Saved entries
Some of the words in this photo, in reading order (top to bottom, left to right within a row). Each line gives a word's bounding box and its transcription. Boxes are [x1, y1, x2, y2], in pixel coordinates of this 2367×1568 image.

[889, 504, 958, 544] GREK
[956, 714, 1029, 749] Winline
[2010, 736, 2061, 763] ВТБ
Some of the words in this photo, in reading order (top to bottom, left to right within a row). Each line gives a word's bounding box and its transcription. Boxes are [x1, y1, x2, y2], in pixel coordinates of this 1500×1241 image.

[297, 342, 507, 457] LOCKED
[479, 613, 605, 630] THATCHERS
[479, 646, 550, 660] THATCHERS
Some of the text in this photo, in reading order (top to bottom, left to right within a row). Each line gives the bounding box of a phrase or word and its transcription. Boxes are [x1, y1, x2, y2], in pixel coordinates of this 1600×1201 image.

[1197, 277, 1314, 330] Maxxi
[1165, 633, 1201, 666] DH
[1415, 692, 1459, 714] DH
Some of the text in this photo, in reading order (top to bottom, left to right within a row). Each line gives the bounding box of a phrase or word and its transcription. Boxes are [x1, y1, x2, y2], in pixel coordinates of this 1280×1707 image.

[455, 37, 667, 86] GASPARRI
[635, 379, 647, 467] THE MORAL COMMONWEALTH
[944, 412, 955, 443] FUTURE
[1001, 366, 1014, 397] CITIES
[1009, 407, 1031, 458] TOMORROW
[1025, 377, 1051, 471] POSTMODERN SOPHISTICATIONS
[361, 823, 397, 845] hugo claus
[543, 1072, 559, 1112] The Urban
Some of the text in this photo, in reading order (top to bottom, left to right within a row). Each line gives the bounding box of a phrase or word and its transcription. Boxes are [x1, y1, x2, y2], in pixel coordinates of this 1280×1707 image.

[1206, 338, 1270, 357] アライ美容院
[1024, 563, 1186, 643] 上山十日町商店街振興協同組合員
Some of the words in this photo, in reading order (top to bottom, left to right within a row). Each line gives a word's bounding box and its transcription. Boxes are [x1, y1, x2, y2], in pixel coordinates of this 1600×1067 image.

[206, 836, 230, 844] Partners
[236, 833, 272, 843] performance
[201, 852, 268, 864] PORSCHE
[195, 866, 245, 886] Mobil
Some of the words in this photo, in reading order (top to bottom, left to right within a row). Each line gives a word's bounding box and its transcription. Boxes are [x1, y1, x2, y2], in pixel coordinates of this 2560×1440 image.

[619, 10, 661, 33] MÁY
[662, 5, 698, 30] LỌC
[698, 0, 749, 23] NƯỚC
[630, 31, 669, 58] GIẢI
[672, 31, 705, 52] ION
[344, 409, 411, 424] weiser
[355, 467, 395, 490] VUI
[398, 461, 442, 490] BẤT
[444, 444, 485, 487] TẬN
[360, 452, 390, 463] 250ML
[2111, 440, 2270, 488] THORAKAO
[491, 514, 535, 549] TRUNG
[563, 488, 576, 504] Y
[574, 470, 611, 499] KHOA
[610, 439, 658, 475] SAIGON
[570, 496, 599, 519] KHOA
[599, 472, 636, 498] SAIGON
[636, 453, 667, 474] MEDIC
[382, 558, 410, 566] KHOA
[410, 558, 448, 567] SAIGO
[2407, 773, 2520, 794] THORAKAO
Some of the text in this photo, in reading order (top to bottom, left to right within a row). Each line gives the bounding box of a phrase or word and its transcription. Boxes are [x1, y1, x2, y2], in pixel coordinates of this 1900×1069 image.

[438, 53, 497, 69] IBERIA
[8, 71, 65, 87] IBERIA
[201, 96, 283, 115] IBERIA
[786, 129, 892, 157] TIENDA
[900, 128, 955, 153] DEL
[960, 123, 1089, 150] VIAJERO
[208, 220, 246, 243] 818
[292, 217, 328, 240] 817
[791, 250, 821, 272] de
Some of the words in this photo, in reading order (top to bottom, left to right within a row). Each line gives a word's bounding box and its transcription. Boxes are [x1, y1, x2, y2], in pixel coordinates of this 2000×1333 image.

• _ACTIVITY_
Each line of the data above must be restated word for word.

• _YOUR SOLUTION_
Some of the words in this photo, in reading order (top to bottom, left to right within a row). Each line gives a word's bounding box and its transcription. Boxes are [x1, y1, x2, y2], in pixel coordinates of this 2367×1568 image.

[889, 504, 958, 544] GREK
[956, 714, 1029, 749] Winline
[2010, 736, 2061, 763] ВТБ
Some of the words in this photo, in reading order (top to bottom, left to right within a row). Each line gives a word's bounding box and its transcription. Boxes are [x1, y1, x2, y2], in pixel coordinates of this 1500×1241 image.

[297, 342, 507, 457] LOCKED
[479, 613, 605, 630] THATCHERS
[479, 646, 550, 660] THATCHERS
Some of the text in this photo, in reading order (top to bottom, left to right within a row). Each line gives the bounding box of a phrase or word and its transcription. Boxes are [x1, y1, x2, y2], in pixel coordinates of this 1600×1201 image.

[1197, 277, 1314, 330] Maxxi
[1165, 633, 1201, 666] DH
[1415, 692, 1459, 714] DH
Some of the text in this photo, in reading order (top to bottom, left to right within a row). Each line gives the bounding box of a phrase or word and its transcription. Boxes are [x1, y1, x2, y2], in pixel coordinates of this 1280×1707 image.

[455, 37, 667, 86] GASPARRI
[635, 379, 647, 467] THE MORAL COMMONWEALTH
[944, 412, 955, 443] FUTURE
[1001, 366, 1014, 397] CITIES
[1009, 407, 1031, 458] TOMORROW
[1025, 377, 1051, 471] POSTMODERN SOPHISTICATIONS
[361, 823, 397, 845] hugo claus
[543, 1072, 559, 1112] The Urban
Some of the text in this photo, in reading order (top to bottom, left to right within a row). Each line gives the bounding box of a phrase or word and its transcription. Boxes are [x1, y1, x2, y2], in pixel coordinates of this 1280×1707 image.

[1206, 338, 1270, 357] アライ美容院
[1024, 563, 1186, 643] 上山十日町商店街振興協同組合員
Some of the words in this photo, in reading order (top to bottom, left to right within a row). Each line gives a word's bounding box and its transcription. Boxes are [x1, y1, x2, y2], in pixel coordinates of this 1600×1067 image.

[206, 836, 230, 844] Partners
[236, 833, 272, 843] performance
[201, 852, 268, 864] PORSCHE
[195, 866, 245, 886] Mobil
Some of the words in this photo, in reading order (top to bottom, left to right within a row). Each line gives a word's bounding box and its transcription. Boxes are [x1, y1, x2, y2], in pixel coordinates of this 2560×1440 image.

[619, 10, 661, 33] MÁY
[662, 5, 698, 30] LỌC
[698, 0, 749, 23] NƯỚC
[630, 31, 669, 58] GIẢI
[672, 31, 705, 52] ION
[344, 409, 411, 424] weiser
[355, 467, 395, 490] VUI
[398, 461, 442, 490] BẤT
[444, 444, 485, 487] TẬN
[360, 452, 390, 463] 250ML
[2111, 440, 2270, 488] THORAKAO
[491, 514, 535, 549] TRUNG
[563, 488, 576, 504] Y
[574, 470, 611, 499] KHOA
[610, 439, 658, 475] SAIGON
[570, 496, 599, 519] KHOA
[599, 472, 636, 498] SAIGON
[636, 453, 667, 474] MEDIC
[382, 558, 410, 566] KHOA
[410, 558, 448, 567] SAIGO
[2407, 773, 2520, 794] THORAKAO
Some of the text in this photo, in reading order (top to bottom, left to right within a row). Each line gives the bounding box of a phrase or word and its transcription. Boxes are [x1, y1, x2, y2], in pixel coordinates of this 1900×1069 image.

[438, 53, 497, 69] IBERIA
[8, 71, 65, 87] IBERIA
[201, 96, 283, 115] IBERIA
[786, 129, 892, 157] TIENDA
[900, 128, 955, 153] DEL
[960, 123, 1089, 150] VIAJERO
[208, 220, 246, 243] 818
[292, 217, 328, 240] 817
[791, 250, 821, 272] de
Some of the words in this photo, in reading order (top to bottom, left to right within a row). Each line gives a word's bounding box and its transcription. Boxes are [x1, y1, x2, y2], in pixel coordinates of this 2000×1333 image.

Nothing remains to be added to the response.